[Items listed in a dataset]
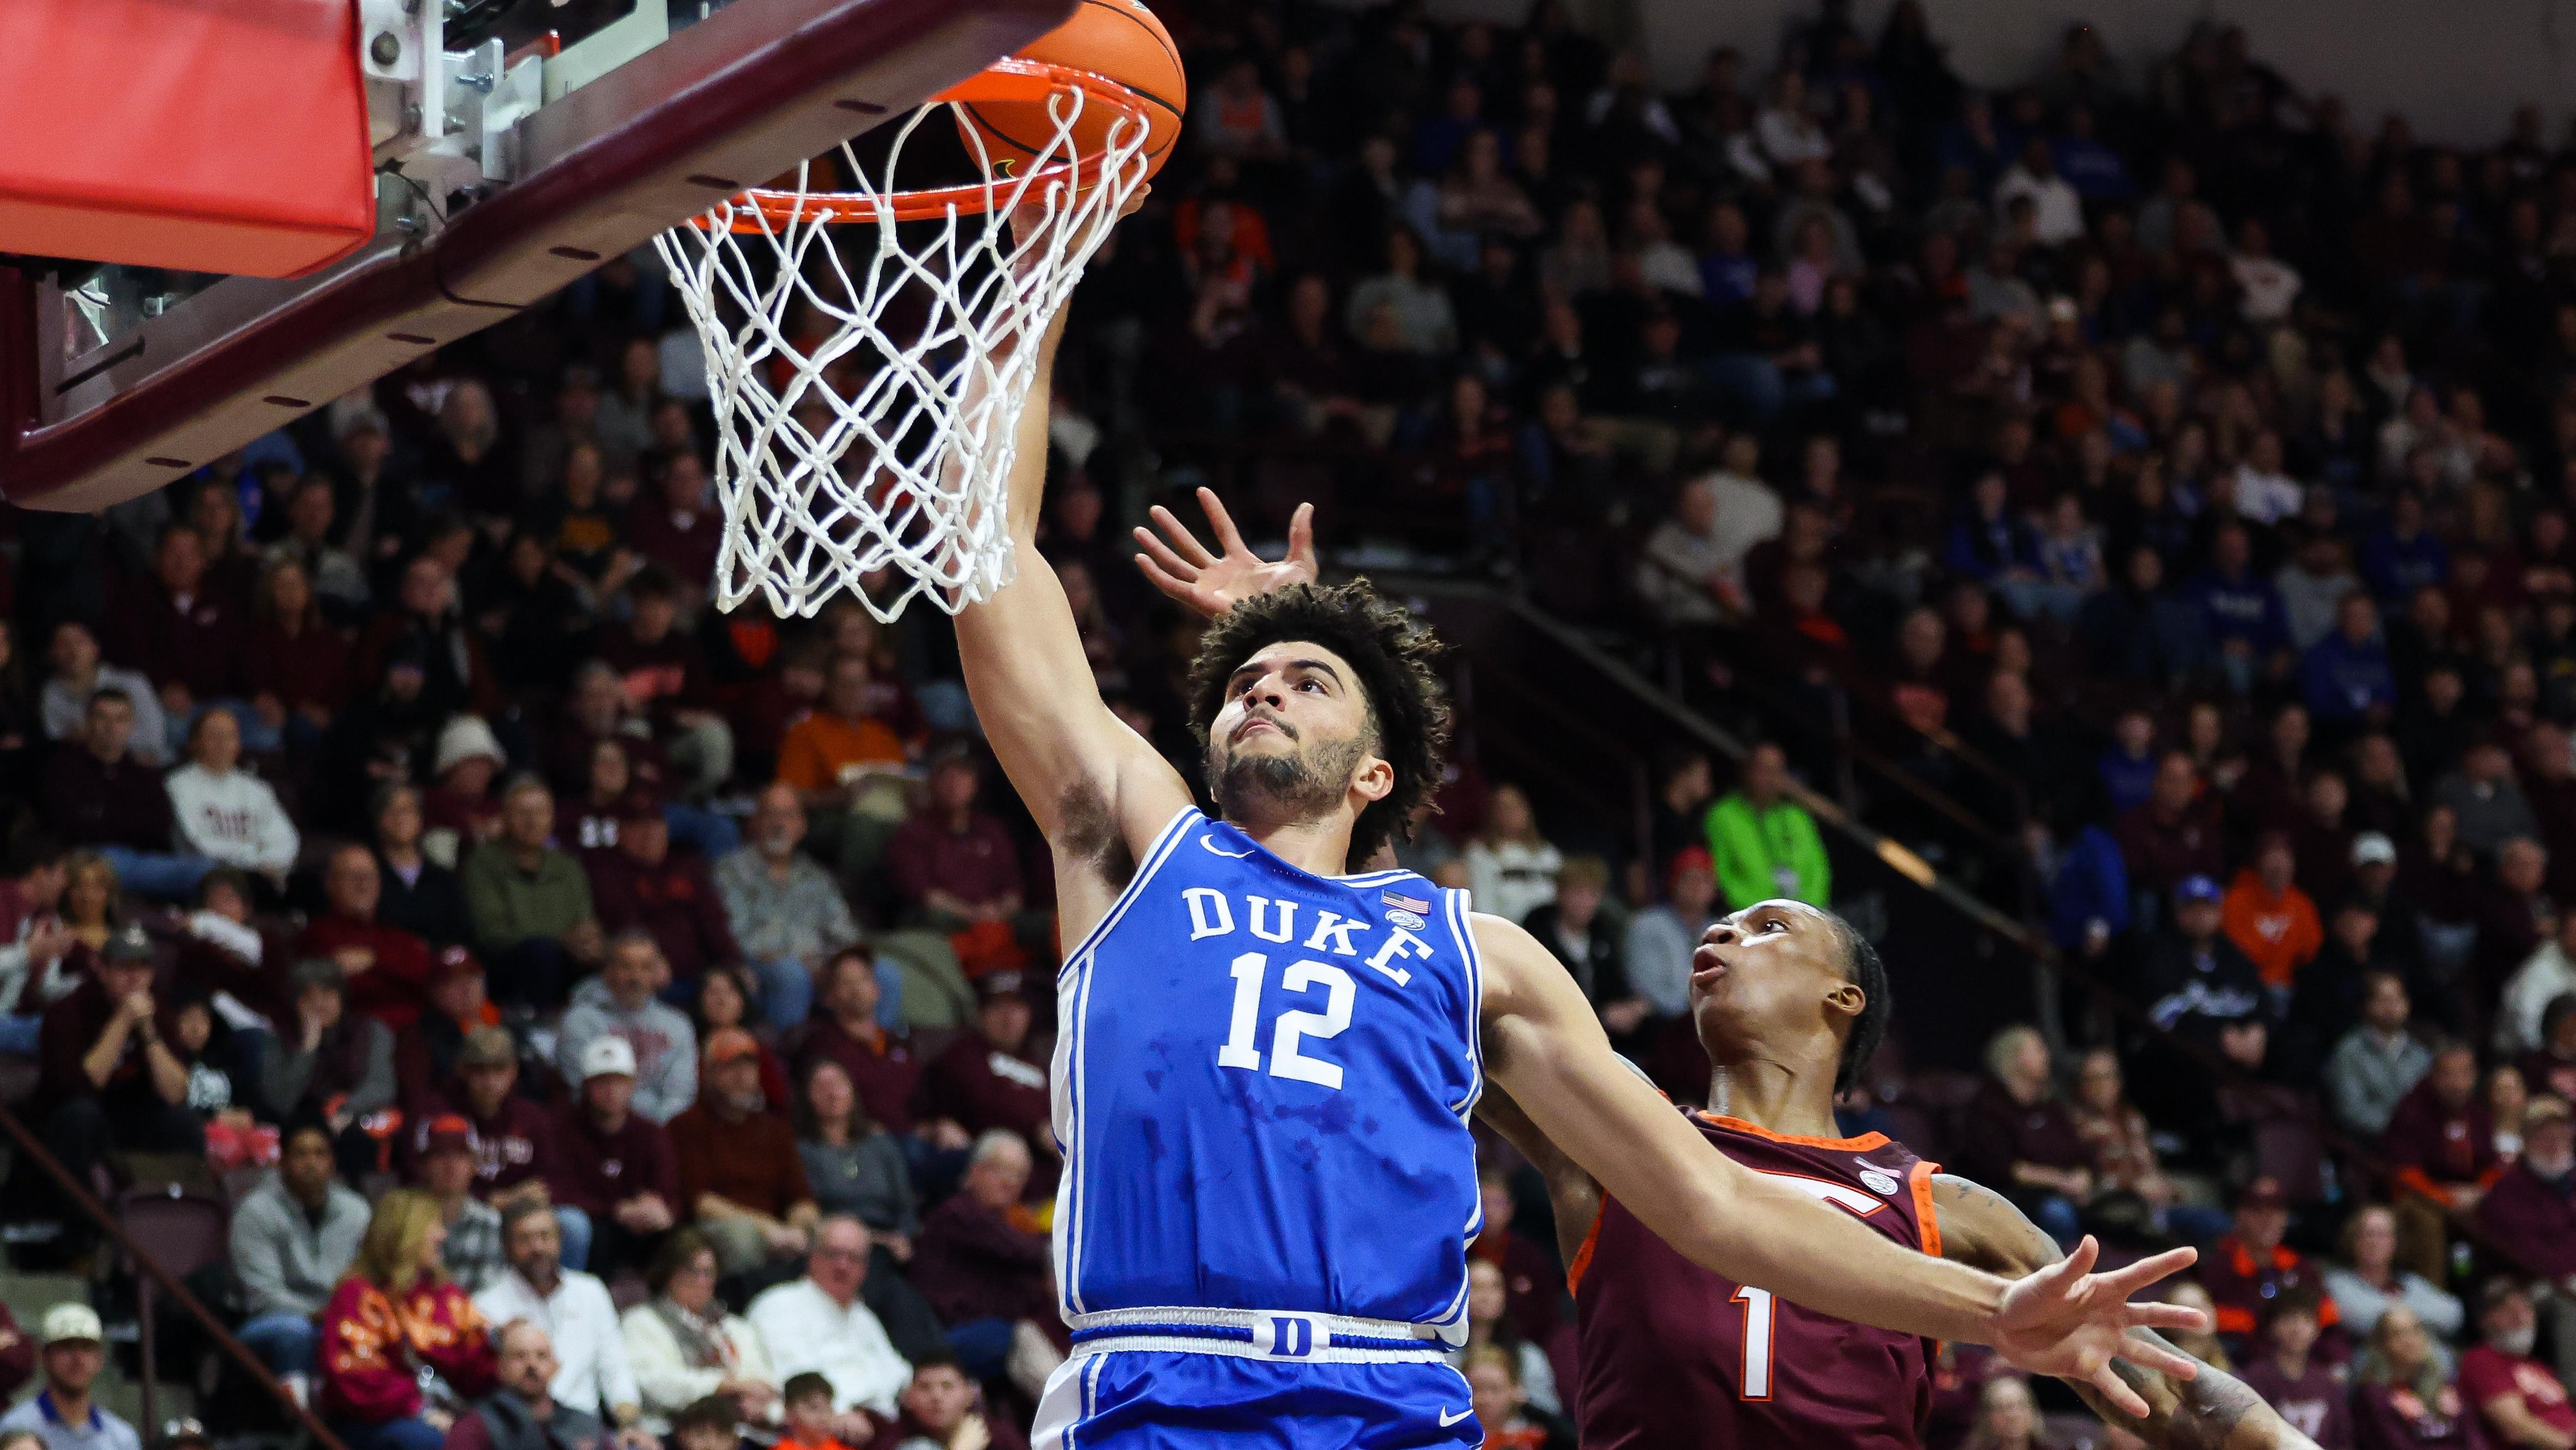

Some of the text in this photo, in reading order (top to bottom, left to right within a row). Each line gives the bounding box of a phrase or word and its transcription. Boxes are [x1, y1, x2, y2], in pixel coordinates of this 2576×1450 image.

[1182, 887, 1434, 988] DUKE
[1218, 951, 1356, 1090] 12
[1269, 1317, 1311, 1357] D
[1729, 1284, 1777, 1402] 1

=== What you have to do ===
Output the records exactly. Drop the images.

=== Output of the exercise ===
Some of the text in this photo, in reading order (top to bottom, left to right within a row). Each line gives the bounding box of a phrase or word and its transcription. Boxes are [x1, y1, x2, y2], in pixel coordinates of this 2576×1450 image.

[1182, 887, 1434, 988] DUKE
[1218, 951, 1356, 1090] 12
[1269, 1317, 1311, 1357] D
[1729, 1284, 1777, 1402] 1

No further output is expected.